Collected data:
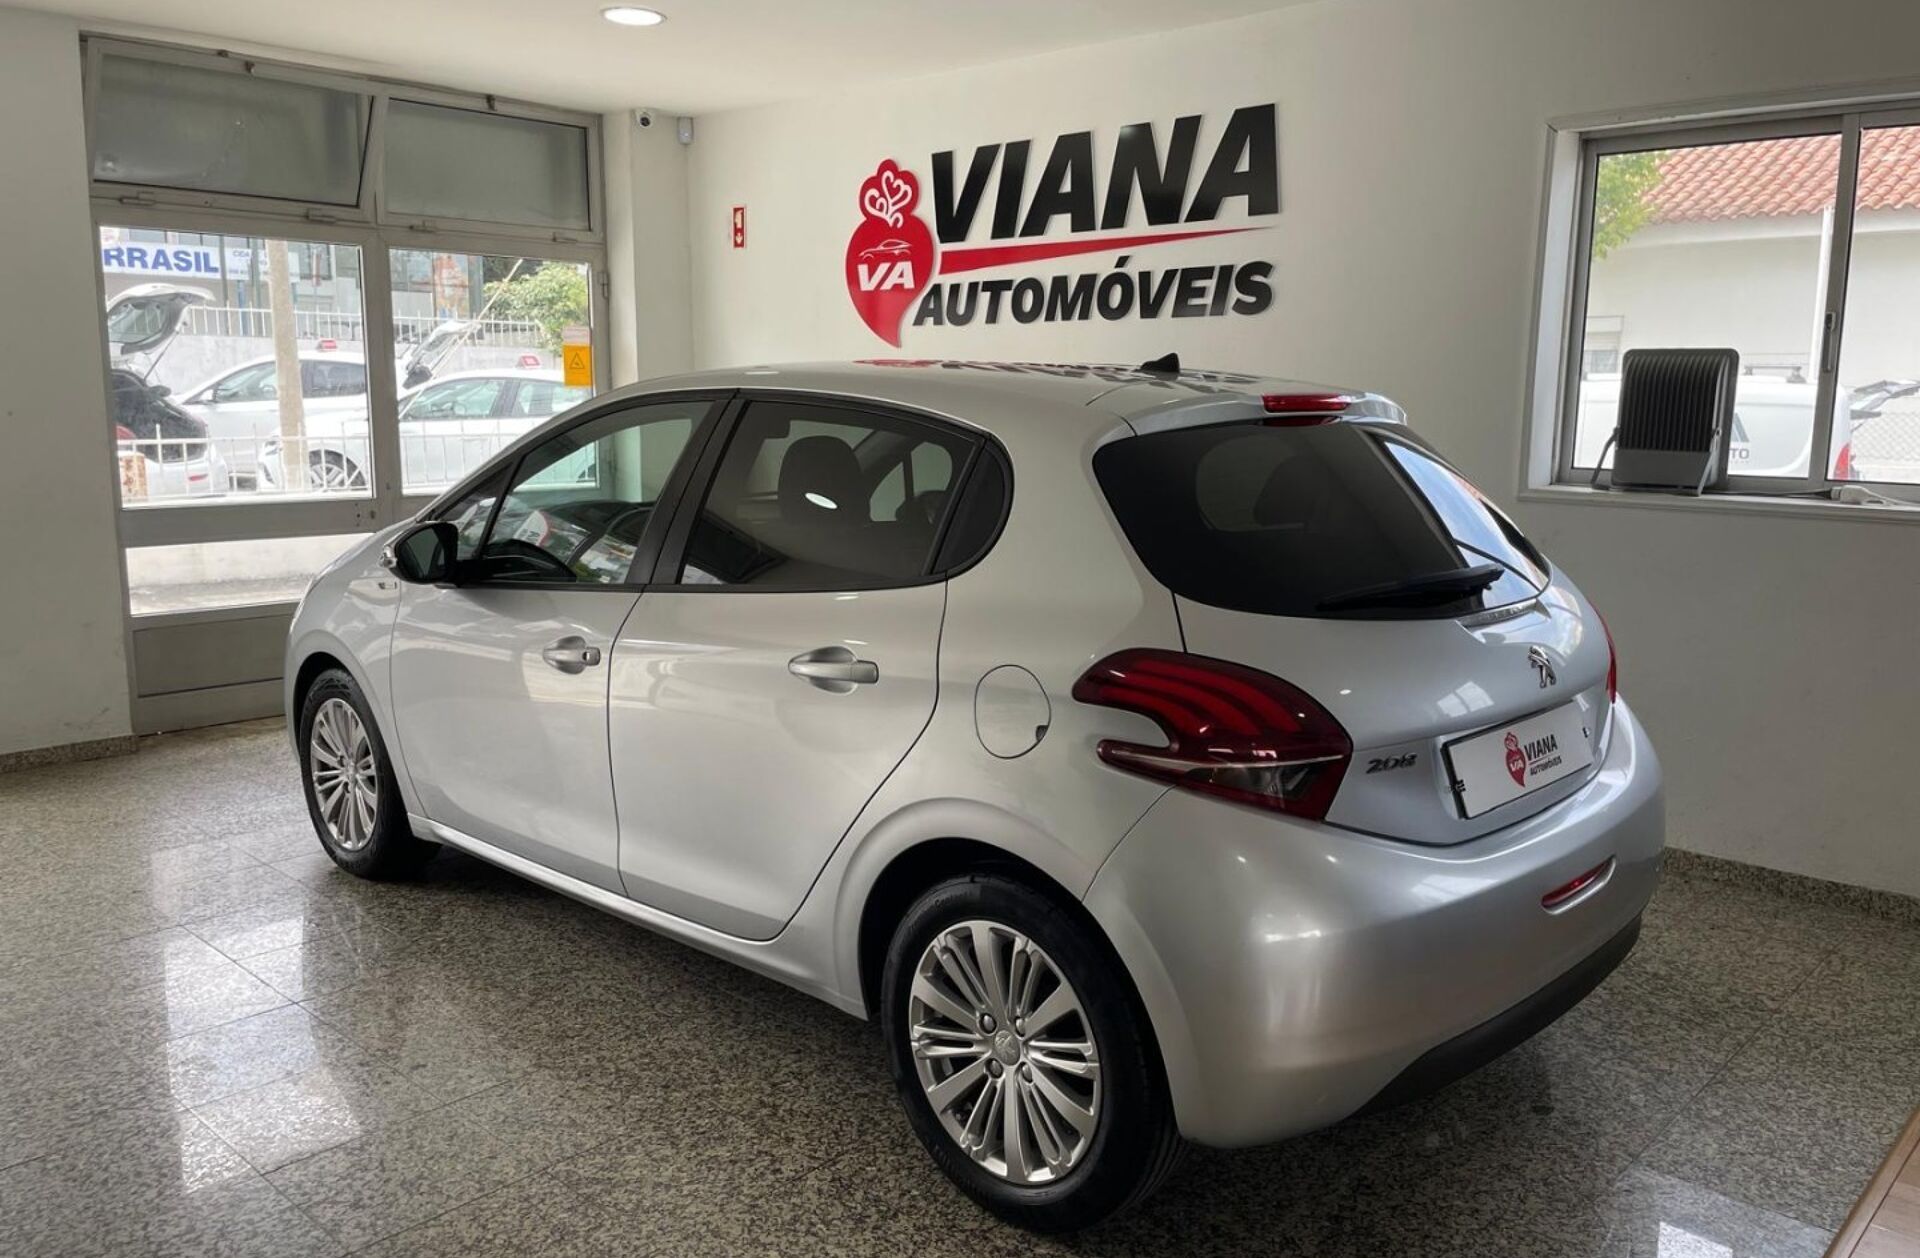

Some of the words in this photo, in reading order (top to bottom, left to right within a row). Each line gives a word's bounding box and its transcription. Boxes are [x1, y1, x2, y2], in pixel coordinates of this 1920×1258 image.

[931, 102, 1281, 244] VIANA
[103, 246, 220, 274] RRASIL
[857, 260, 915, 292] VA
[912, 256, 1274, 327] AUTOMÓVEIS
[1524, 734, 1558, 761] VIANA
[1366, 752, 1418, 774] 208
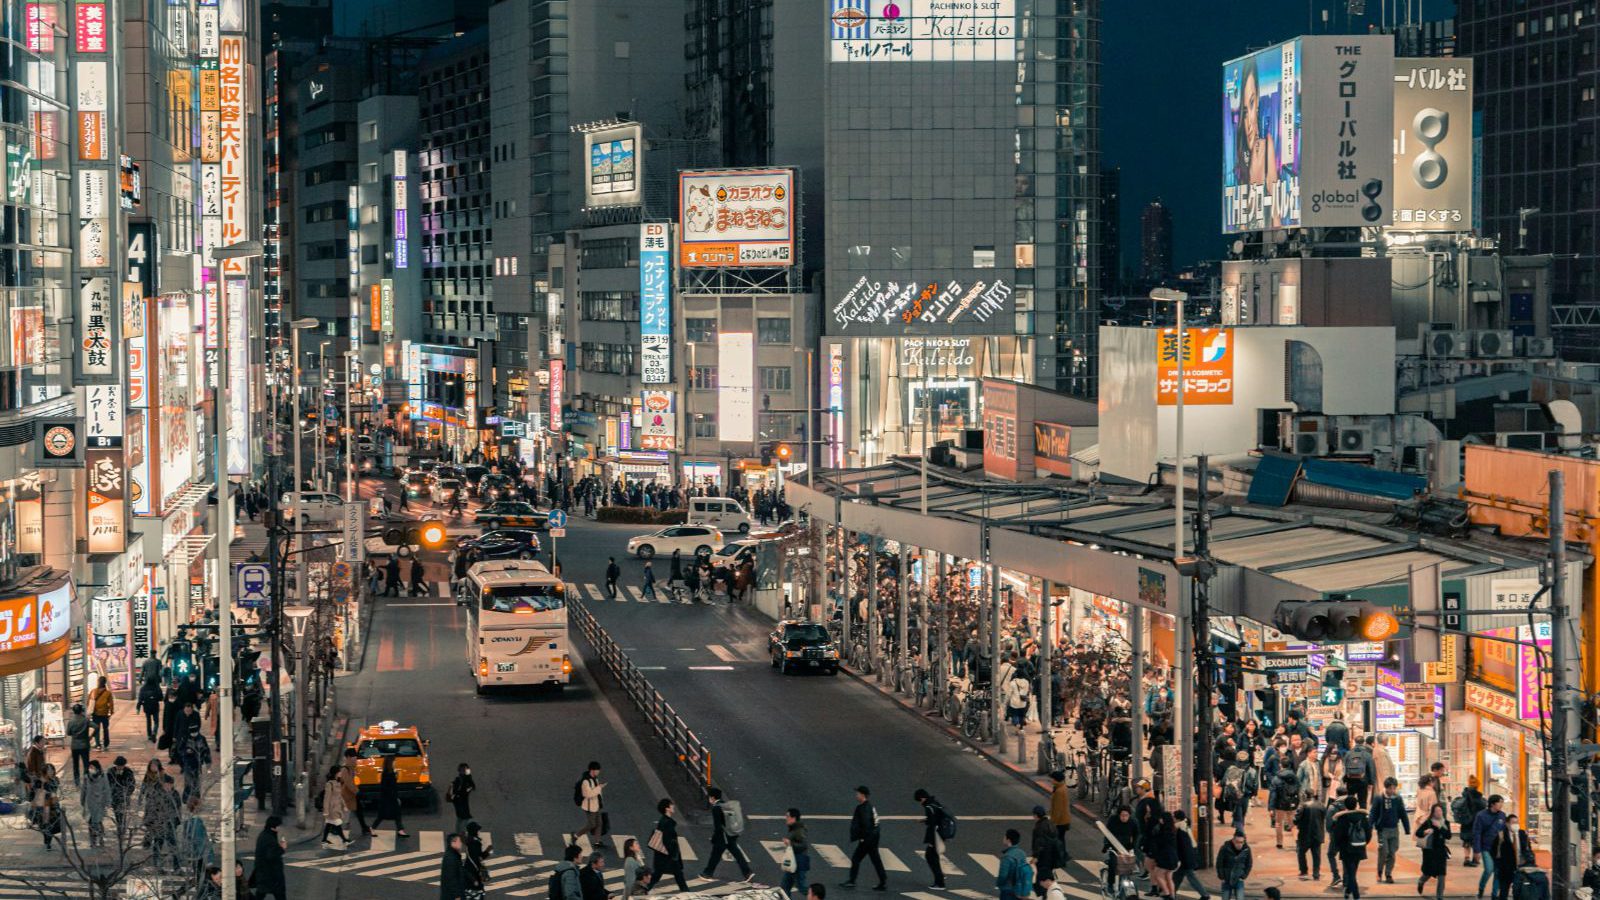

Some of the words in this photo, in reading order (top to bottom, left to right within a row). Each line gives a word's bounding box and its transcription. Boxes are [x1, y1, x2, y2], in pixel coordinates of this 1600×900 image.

• _TO DO_: The result should be an exact retyped version of all the entries above, containing no pictures.

• _TASK SOLUTION_:
Some of the words in this photo, in reading order (top to bottom, left to right within a row). Each line gives a word's bounding box and its transcription. Boxes are [x1, y1, x2, y2], in pixel coordinates of this 1920×1258 image.

[931, 102, 1281, 244] VIANA
[103, 246, 220, 274] RRASIL
[857, 260, 915, 292] VA
[912, 256, 1274, 327] AUTOMÓVEIS
[1524, 734, 1558, 761] VIANA
[1366, 752, 1418, 774] 208

Some of the words in this photo, in reading order (top to bottom, left to right within a row). Each line gives a word's bounding box and its transcription. Boxes are [x1, y1, x2, y2], in pixel coordinates of this 1600×900 image.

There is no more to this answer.